Ulrich Dreßler

50 Jahre Parlamentsvorsteher in der HGO - das unbekannte Jubiläum (HSGZ 2000  S.300) 

Dieser Aufsatz wurde in der HSGZ 2000 S. 300 veröffentlicht.

Die Fußnote 3 dieses Aufsatzes biete ich hier noch einmal in einer korrigierten und aktualisierten - insbesondere bebilderten - Fassung an.

 

Dabei geht es insbesondere um

  • die Bildung der Bundesländer Hessen und Rheinland-Pfalz,
  • die "Teilung" meines Heimatlands Nassau in diesem Zusammenhang und
  • der vergebliche Versuch, dies mit Volksbegehren und -abstimmung wieder rückgängig zu machen.
 

Im Sommer 1945 planten die  Amerikaner noch die Gründung  zweier eigenständiger Länder im Norden ihrer Besatzungszone:  Hessen-Nassau und Hessen (-Darmstadt). Das ist nach der geschichtlichen Entwicklung in diesem Raum durchaus nachzuvollziehen: Kein Mensch am Rhein in der Gegend um Wiesbaden wäre wohl auf die Idee gekommen, sich als "Hesse" zu bezeichnen.
Doch es kam anders: Am 19. September 1945 erließ der Oberste Befehlshaber der amerikanischen Streitkräfte in Europa, General Dwight D. Eisenhower, die Proklamation Nr. 2 an das deutsche Volk in der amerikanischen Zone, mit der die drei Staaten Groß-Hessen, Württemberg-Baden und Bayern gebildet wurden. "Groß-Hessen" hieß das neue Land, weil die Amerikaner von ihrem o. a.  ursprünglichen Plan wieder abgerückt waren.
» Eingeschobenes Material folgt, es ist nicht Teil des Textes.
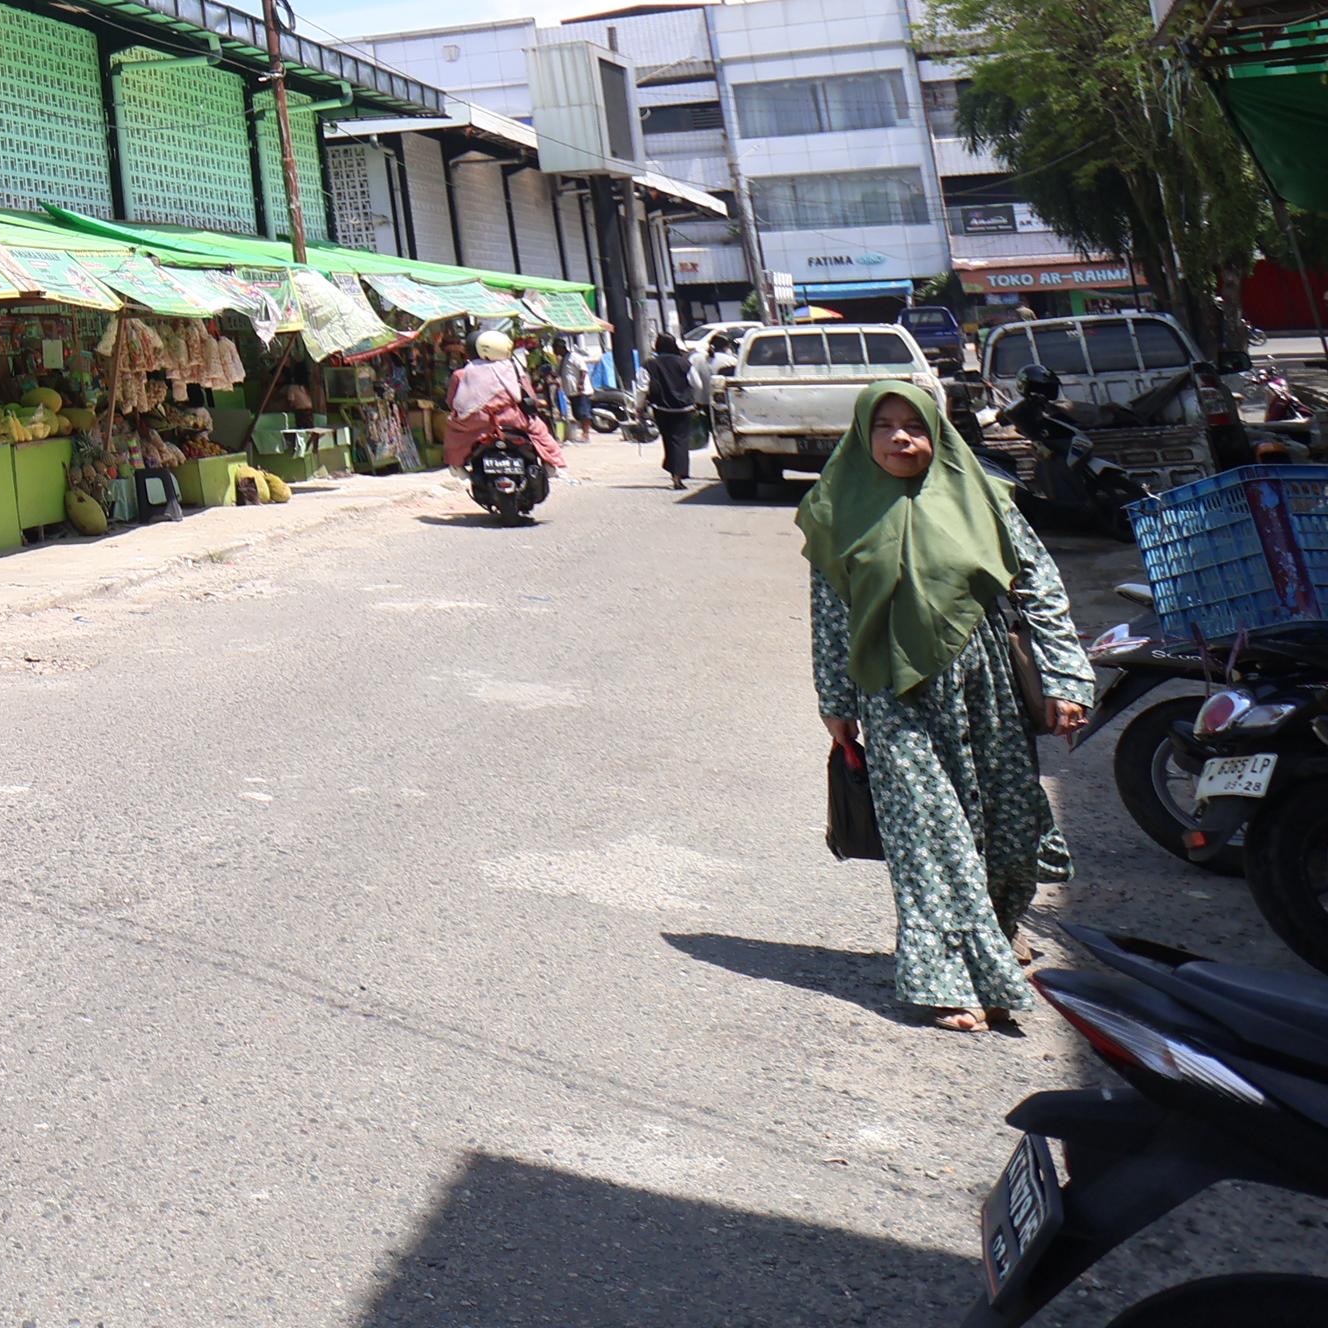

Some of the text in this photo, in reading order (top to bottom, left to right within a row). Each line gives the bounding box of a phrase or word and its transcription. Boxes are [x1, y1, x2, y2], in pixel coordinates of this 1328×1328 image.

[807, 255, 855, 267] FATIMA
[987, 273, 1034, 287] TOKO
[1251, 757, 1270, 774] LP
Danach setzte sich "Groß-Hessen" zusammen aus dem Gebiet des Volkstaats Hessen (Hessen-Darmstadt) und der ehemaligen preußischen Provinz Hessen Nassau (Kurhessen und Nassau). Wichtige Teile von Nassau und Hessen-Darmstadt wurden jedoch der französischen Besatzungszone zugeschlagen; es handelte sich um das Kerngebiet des alten bis 1866 bestehenden  Herzogtums bzw. der späteren bis 1945 existierenden preußischen Prov. Nassau (die rechtsrheinischen Kreise Ober- und Unterwesterwald, Unterlahn und St. Goarshausen) und das linksrheinische Rheinhessen. Auf hessischer Seite wurden die Teilung Nassaus und die Abtrennung Rheinhessens von Anfang an nicht akzeptiert: schon im Staatsgrundgesetz des Staates Groß-Hessen v. 22.11.1945 hieß es, die vorgenannten Gebietsteile gehörten "zur Zeit nicht zu dem Staatsgebiet des Staates Groß-Hessen".
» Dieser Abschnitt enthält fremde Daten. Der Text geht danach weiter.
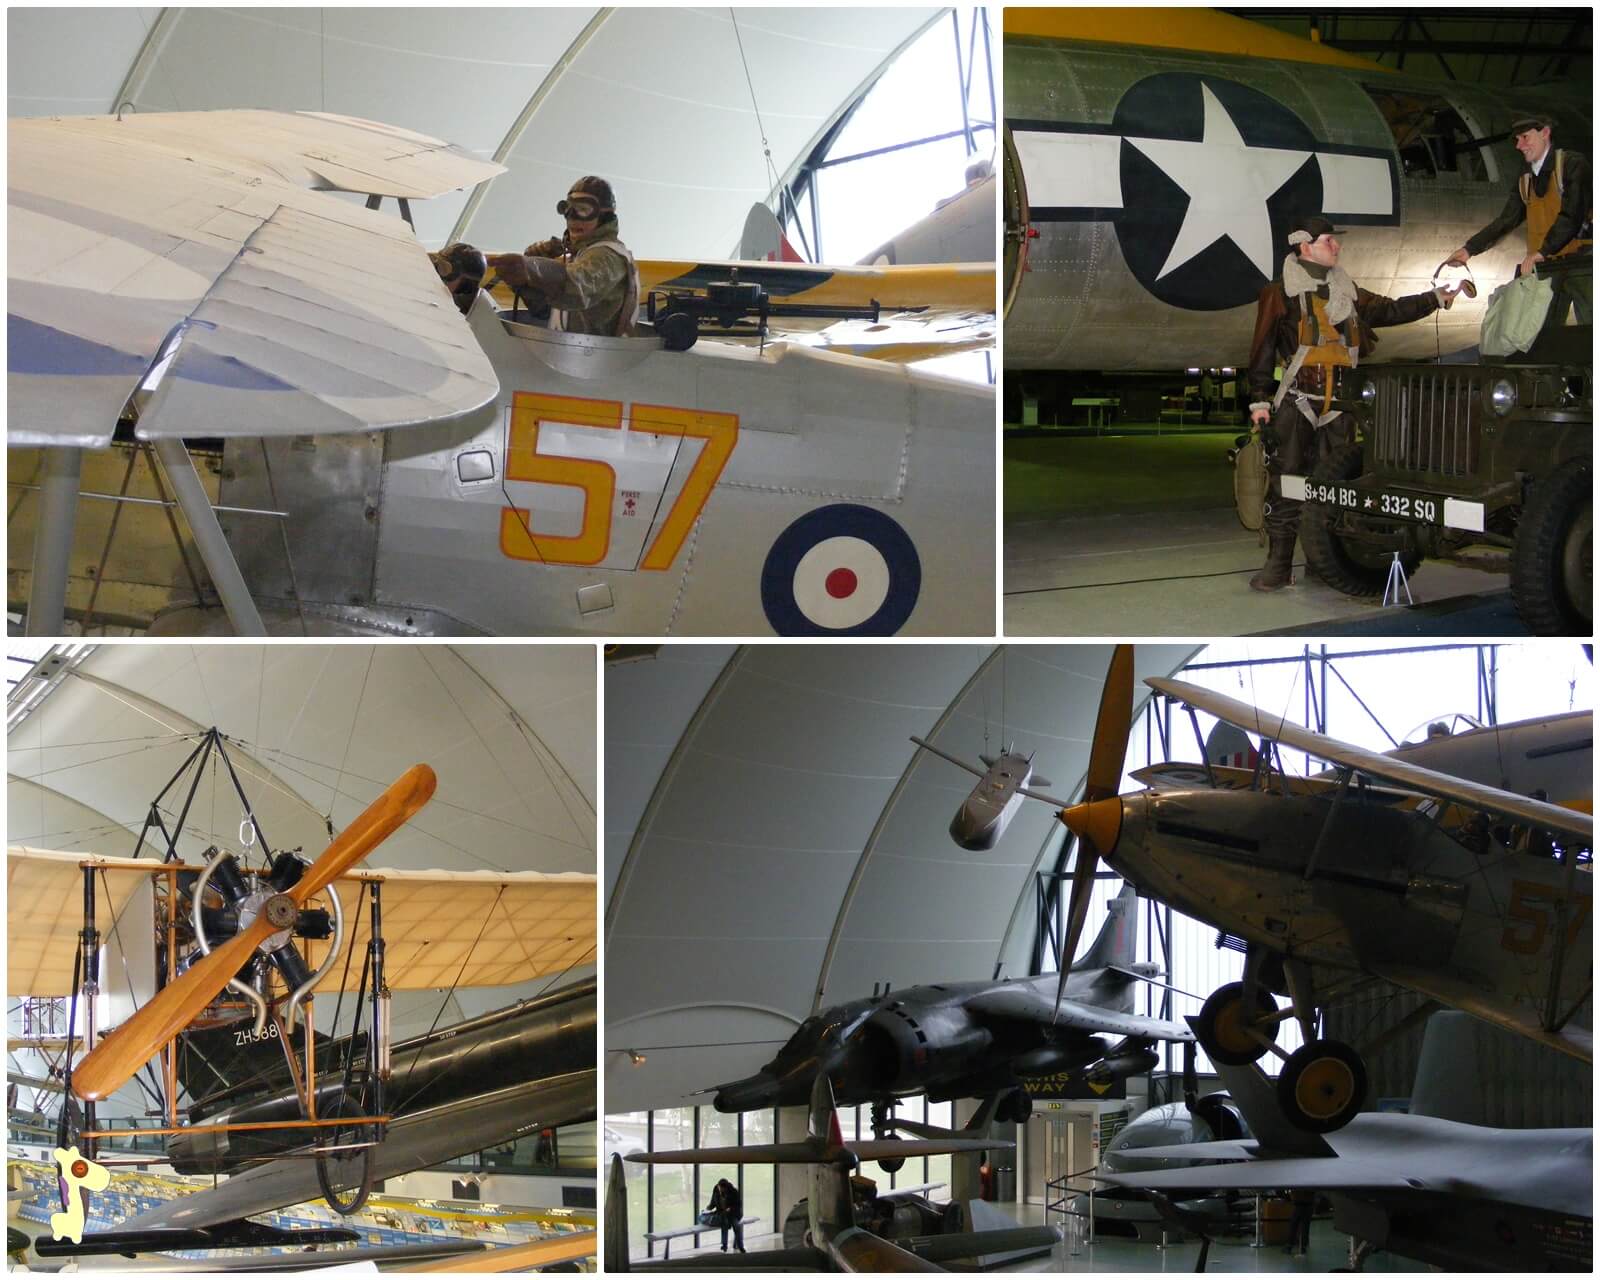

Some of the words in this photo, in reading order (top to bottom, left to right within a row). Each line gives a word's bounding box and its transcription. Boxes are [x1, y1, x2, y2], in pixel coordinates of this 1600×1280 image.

[500, 390, 740, 571] 57
[621, 490, 640, 498] FIRST
[1380, 494, 1410, 516] 332
[1414, 499, 1435, 522] SQ
[1023, 1082, 1066, 1093] WAY
Der Name "Nassau" ging trotz der Entwicklung in der amerikanischen Besatzungszone
nicht gleich im ersten Nachkriegsjahr unter. Die Namen der von der französischen Militärregierung gebildeten Oberpräsidien lauteten nämlich auf „Rheinland-Hessen-Nassau“ (mit Sitz in Koblenz) und „Hessen-Pfalz“ (mit Sitz in Neustadt).  Die abgetrennten Gebiete wurden in der Verordnung Nr. 57 des Chefs der französischen Besatzungstruppen, des Generals Pierre Koenig, vom 30.8.1946, mit der „ein neues Land (Rheinland-Pfalz) geschaffen wurde“, ausdrücklich als Regierungsbezirke Montabaur und Mainz ausgewiesen.


Hessen
- der Name "Groß-Hessen" wurde nach der Annahme der Landesverfassung durch das Volk im Dezember 1946 entsprechend vereinfacht - erhob
in der Folgezeit insbesondere in der Regierungszeit von Ministerpräsident Georg-August Zinn (1951 bis 1969) - mit seinem bekannten Sonderreferenten Otto Georg - stets den politischen Anspruch auf Rückführung der abgetrennten Territorien. 

 


Nach Abschluss der Pariser Verträge im Mai 1955 und der Aufhebung der Suspendierung des Grundgesetzes durch die westlichen Besatzungsmächte wurden vom 9. bis zum 22.4.1956  in diesen Gebieten auf der Grundlage des Art. 29 Abs. 2 GG Volksbegehren durchgeführt. In Nassau und Rheinhessen sprachen sich 25,3 % und 20,2 % der Stimmberechtigten durch eigenhändige Unterschrift für eine Angliederung an Hessen aus (vgl. Evers, Bonner Kommentar, Art. 29 Rn 10); nötig waren 10% der Stimmberechtigten. In der BRD wurden 1956 insgesamt 6 erfolgreiche Volksbegehren durchgeführt (außer den beiden genannten noch in Koblenz/Trier, wo es um den Anschluss an Nordrhein-Westfalen ging, in Baden, Oldenburg und Schaumburg/Lippe. (Im "Kunstgebilde" Rheinland-Pfalz hatten die Neugliederungs-Befürworter also lediglich im Regierungsbezirk Pfalz einen Misserfolg zu vermelden, wobei die Stimmberechtigten dort sowohl für die Angliederung an Bayern als auch an Baden-Württemberg unterschreiben konnten.)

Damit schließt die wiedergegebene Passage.